#### [What the task asks]
In your copy, include no images and return each entry exactly as written.

Collected data:
:::

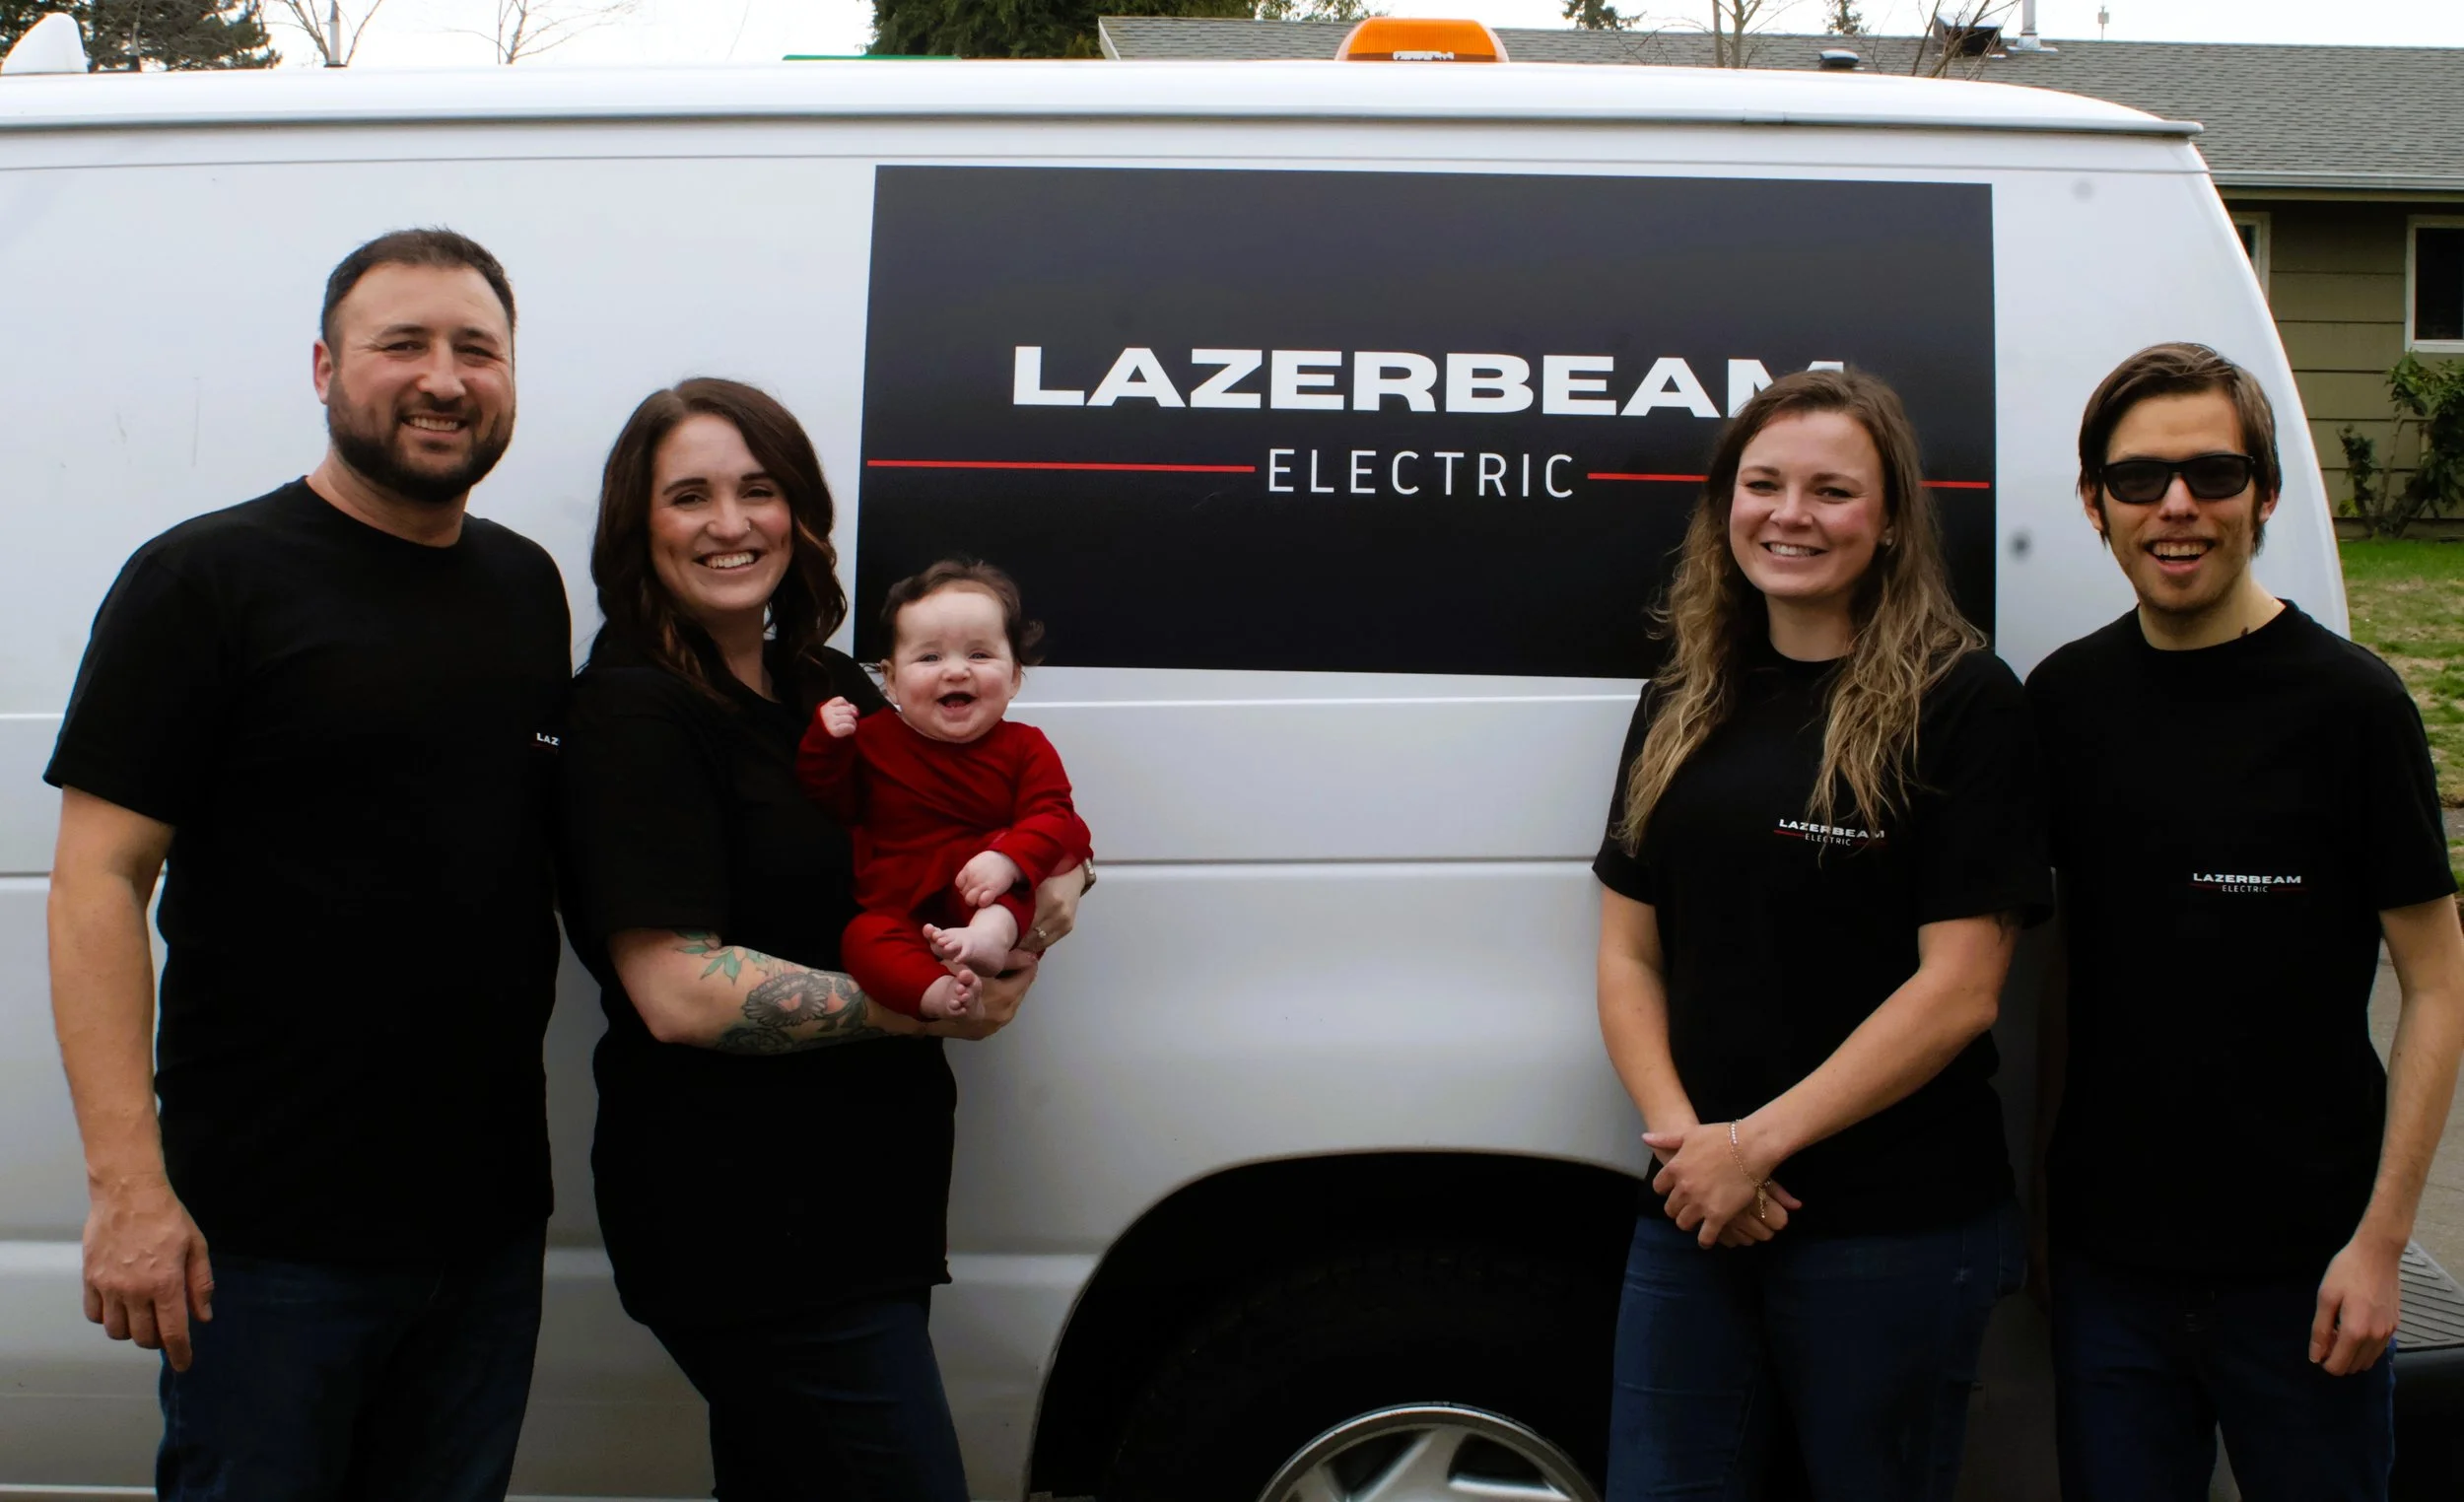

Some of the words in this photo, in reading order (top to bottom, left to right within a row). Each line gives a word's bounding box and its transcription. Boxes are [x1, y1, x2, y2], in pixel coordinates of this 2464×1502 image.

[1268, 448, 1574, 498] ELECTRIC
[1805, 833, 1851, 847] ELECTRIC
[2193, 872, 2301, 884] LAZERBEAM
[2222, 884, 2269, 893] ELECTRIC
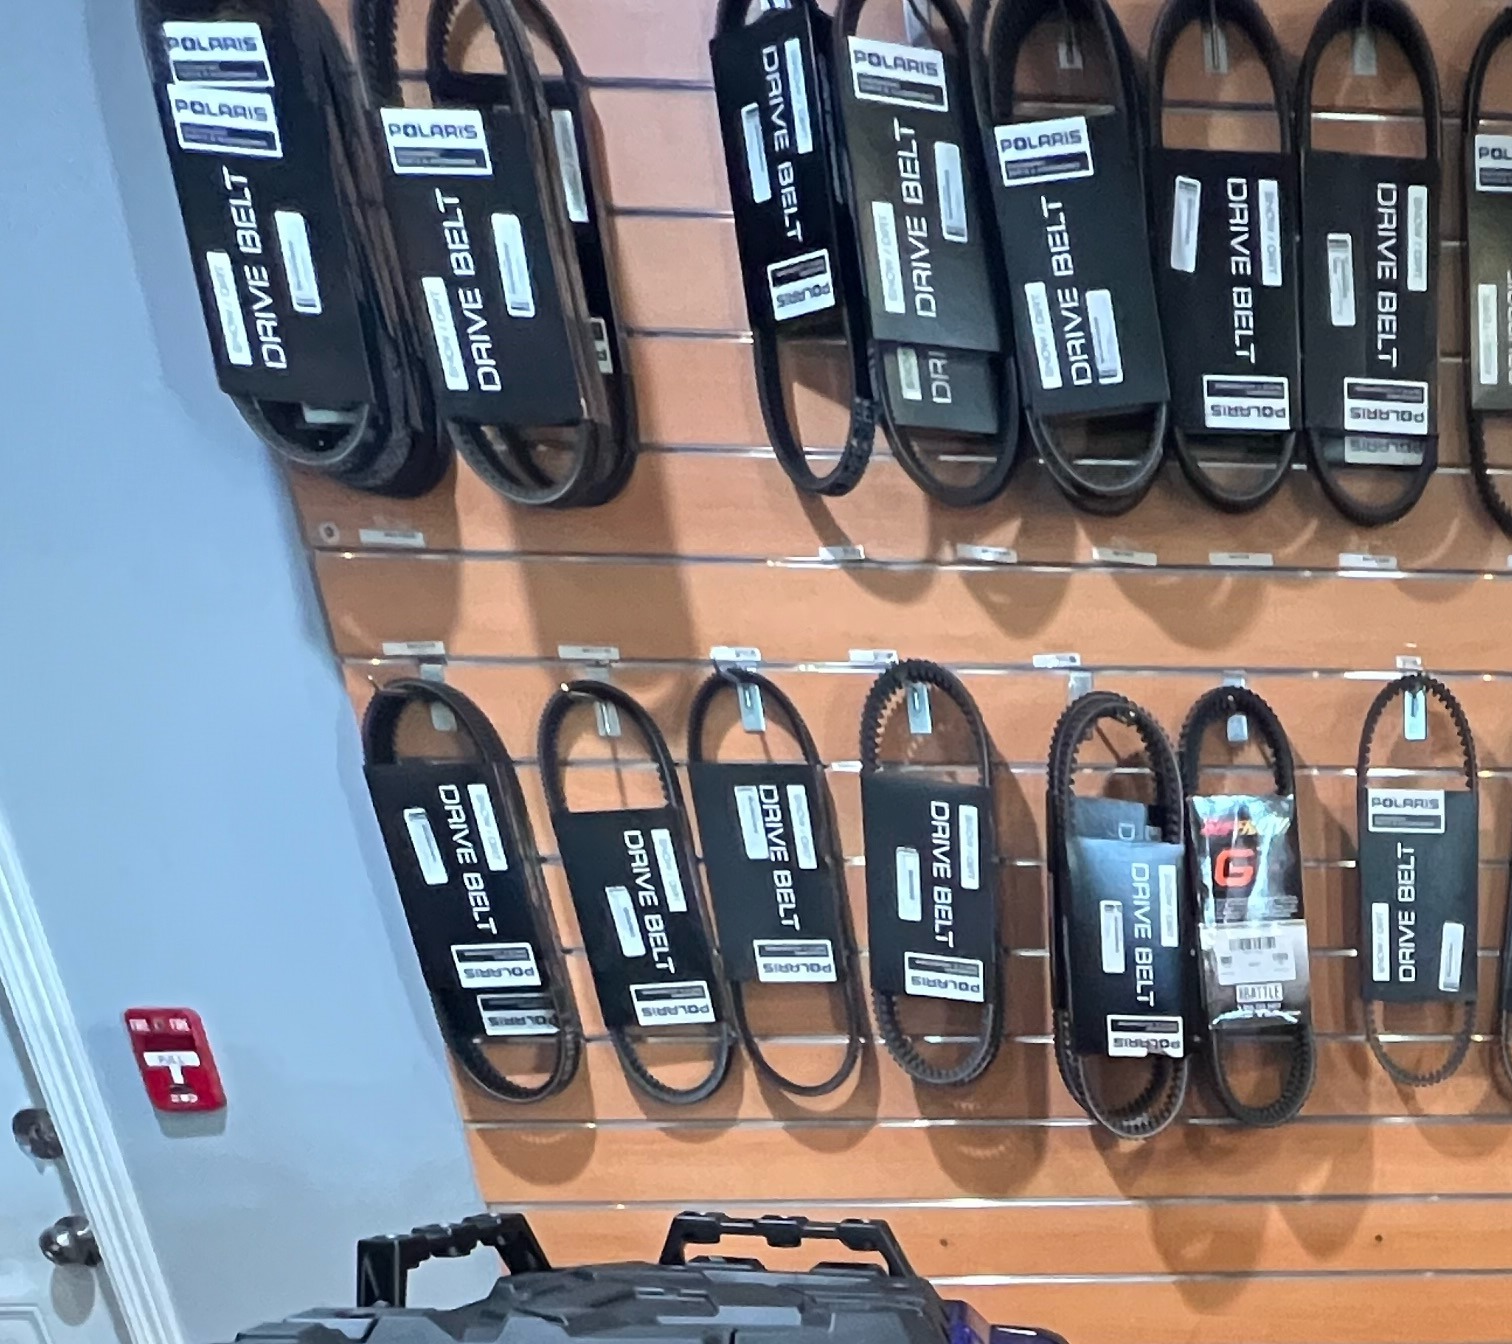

:::

#### [Exercise result]
Some of the words in this photo, in reading order (top to bottom, left to right within a row). Each line gives a word's bounding box and its transcription. Boxes are [x1, y1, x2, y2], in pixel coordinates of this 2464×1502 image.

[1268, 448, 1574, 498] ELECTRIC
[1805, 833, 1851, 847] ELECTRIC
[2193, 872, 2301, 884] LAZERBEAM
[2222, 884, 2269, 893] ELECTRIC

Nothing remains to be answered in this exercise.